Lee's poetry has a focus on "birthright, homeland, and identity." Her poetry analysis looks at multi-ethnic identities and how they shape the work they create. She created an installation and video work, Peace Light which was commissioned by Asian Arts Initiative in 2017 for their 25th anniversary. Her recent book Aerial Concave Without Cloud made Orion Magazine's 28 Recommended Collections.

Lee was a coordinator for the 2014 National Asian American Theater Conference and Festival. She has consulted for the Smithsonian Institution’s Asian American Literature Festival as well as the Asian American Writers’ Workshop.
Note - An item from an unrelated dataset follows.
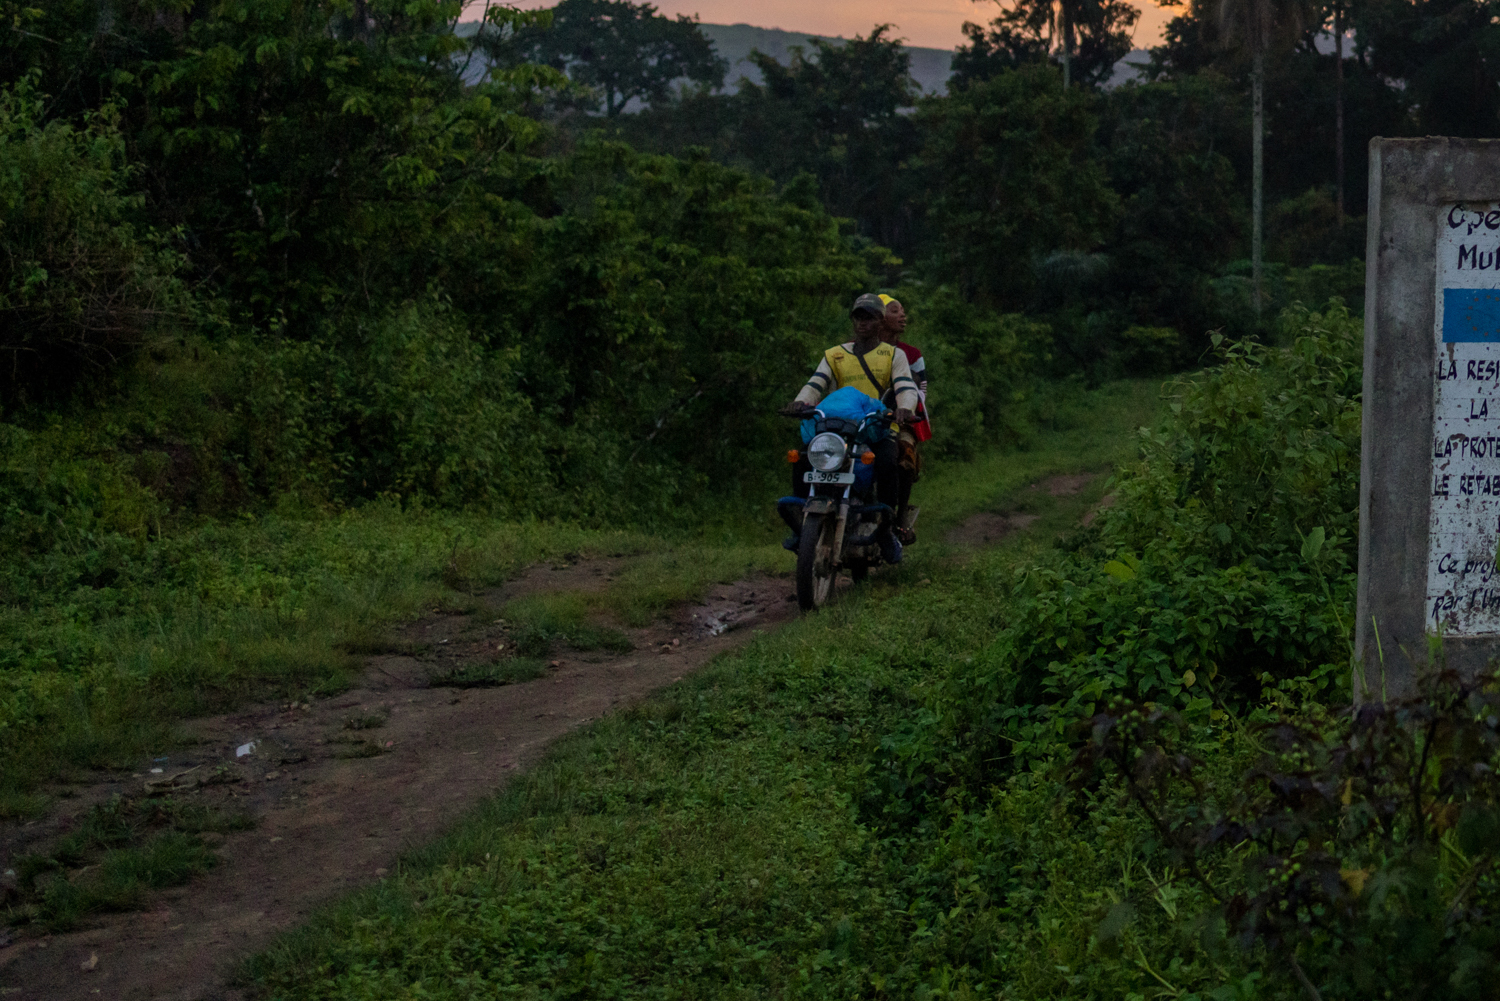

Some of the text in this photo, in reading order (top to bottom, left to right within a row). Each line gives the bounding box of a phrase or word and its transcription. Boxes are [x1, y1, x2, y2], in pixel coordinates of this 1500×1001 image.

She was a Pew Fellow in the Arts for Literature in 2013 and has held fellowships from Kunstnarhuset Messen and the Ucross Foundation.

She edits Corollary Press, a poetry chapbook series she founded in 2006 which publishes "multi-ethnic innovative writing." In 2015 she held arts residencies in Norway and at Hafnarborg, The Hafnarfjördur Centre of Culture and Fine Art in Iceland.

==Personal life==
Lee lives in Denver, Colorado.

==Bibliography==
- That Gorgeous Feeling (Coconut Books, 2008)
- Underground National (Factory School Press, 2010)
- Solar Maximum (Futurepoem, 2015)
- No Comet, That Serpent in the Sky Means Noise (Kore, 2017)
- Aerial Concave Without Cloud (Nightboat, 2022)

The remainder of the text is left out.